» Input material

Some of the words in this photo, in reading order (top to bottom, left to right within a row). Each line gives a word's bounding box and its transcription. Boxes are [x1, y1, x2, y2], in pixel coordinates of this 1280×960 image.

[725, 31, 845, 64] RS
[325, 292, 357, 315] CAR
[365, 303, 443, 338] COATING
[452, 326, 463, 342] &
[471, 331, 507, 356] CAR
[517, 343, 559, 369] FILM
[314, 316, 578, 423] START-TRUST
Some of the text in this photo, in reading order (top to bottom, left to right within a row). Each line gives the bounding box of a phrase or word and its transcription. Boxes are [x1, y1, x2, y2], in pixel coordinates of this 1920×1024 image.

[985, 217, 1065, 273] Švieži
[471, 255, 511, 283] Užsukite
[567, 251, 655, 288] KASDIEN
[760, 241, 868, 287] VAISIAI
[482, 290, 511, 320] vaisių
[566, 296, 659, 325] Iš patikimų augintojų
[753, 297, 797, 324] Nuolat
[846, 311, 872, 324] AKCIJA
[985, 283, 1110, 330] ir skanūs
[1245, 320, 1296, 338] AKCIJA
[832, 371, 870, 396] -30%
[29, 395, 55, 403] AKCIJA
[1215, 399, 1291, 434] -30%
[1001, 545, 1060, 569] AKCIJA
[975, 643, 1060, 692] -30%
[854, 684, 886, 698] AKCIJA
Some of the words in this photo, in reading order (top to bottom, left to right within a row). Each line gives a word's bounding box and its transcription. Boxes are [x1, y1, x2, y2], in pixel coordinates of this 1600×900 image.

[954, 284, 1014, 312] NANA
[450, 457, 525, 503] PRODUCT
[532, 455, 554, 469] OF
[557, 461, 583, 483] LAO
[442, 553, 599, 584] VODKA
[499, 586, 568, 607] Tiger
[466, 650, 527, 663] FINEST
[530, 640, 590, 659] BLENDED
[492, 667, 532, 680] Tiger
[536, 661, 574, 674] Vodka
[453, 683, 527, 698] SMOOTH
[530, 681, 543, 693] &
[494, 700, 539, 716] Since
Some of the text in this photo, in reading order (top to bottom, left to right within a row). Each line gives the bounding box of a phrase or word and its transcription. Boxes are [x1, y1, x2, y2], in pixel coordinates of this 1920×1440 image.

» Exercise details
Print every entry exactly as it appears.

» Expected output
Some of the words in this photo, in reading order (top to bottom, left to right within a row). Each line gives a word's bounding box and its transcription. Boxes are [x1, y1, x2, y2], in pixel coordinates of this 1280×960 image.

[725, 31, 845, 64] RS
[325, 292, 357, 315] CAR
[365, 303, 443, 338] COATING
[452, 326, 463, 342] &
[471, 331, 507, 356] CAR
[517, 343, 559, 369] FILM
[314, 316, 578, 423] START-TRUST
Some of the text in this photo, in reading order (top to bottom, left to right within a row). Each line gives the bounding box of a phrase or word and its transcription. Boxes are [x1, y1, x2, y2], in pixel coordinates of this 1920×1024 image.

[985, 217, 1065, 273] Švieži
[471, 255, 511, 283] Užsukite
[567, 251, 655, 288] KASDIEN
[760, 241, 868, 287] VAISIAI
[482, 290, 511, 320] vaisių
[566, 296, 659, 325] Iš patikimų augintojų
[753, 297, 797, 324] Nuolat
[846, 311, 872, 324] AKCIJA
[985, 283, 1110, 330] ir skanūs
[1245, 320, 1296, 338] AKCIJA
[832, 371, 870, 396] -30%
[29, 395, 55, 403] AKCIJA
[1215, 399, 1291, 434] -30%
[1001, 545, 1060, 569] AKCIJA
[975, 643, 1060, 692] -30%
[854, 684, 886, 698] AKCIJA
Some of the words in this photo, in reading order (top to bottom, left to right within a row). Each line gives a word's bounding box and its transcription. Boxes are [x1, y1, x2, y2], in pixel coordinates of this 1600×900 image.

[954, 284, 1014, 312] NANA
[450, 457, 525, 503] PRODUCT
[532, 455, 554, 469] OF
[557, 461, 583, 483] LAO
[442, 553, 599, 584] VODKA
[499, 586, 568, 607] Tiger
[466, 650, 527, 663] FINEST
[530, 640, 590, 659] BLENDED
[492, 667, 532, 680] Tiger
[536, 661, 574, 674] Vodka
[453, 683, 527, 698] SMOOTH
[530, 681, 543, 693] &
[494, 700, 539, 716] Since
Some of the text in this photo, in reading order (top to bottom, left to right within a row). Each line gives the bounding box of a phrase or word and its transcription. Boxes are [x1, y1, x2, y2], in pixel coordinates of this 1920×1440 image.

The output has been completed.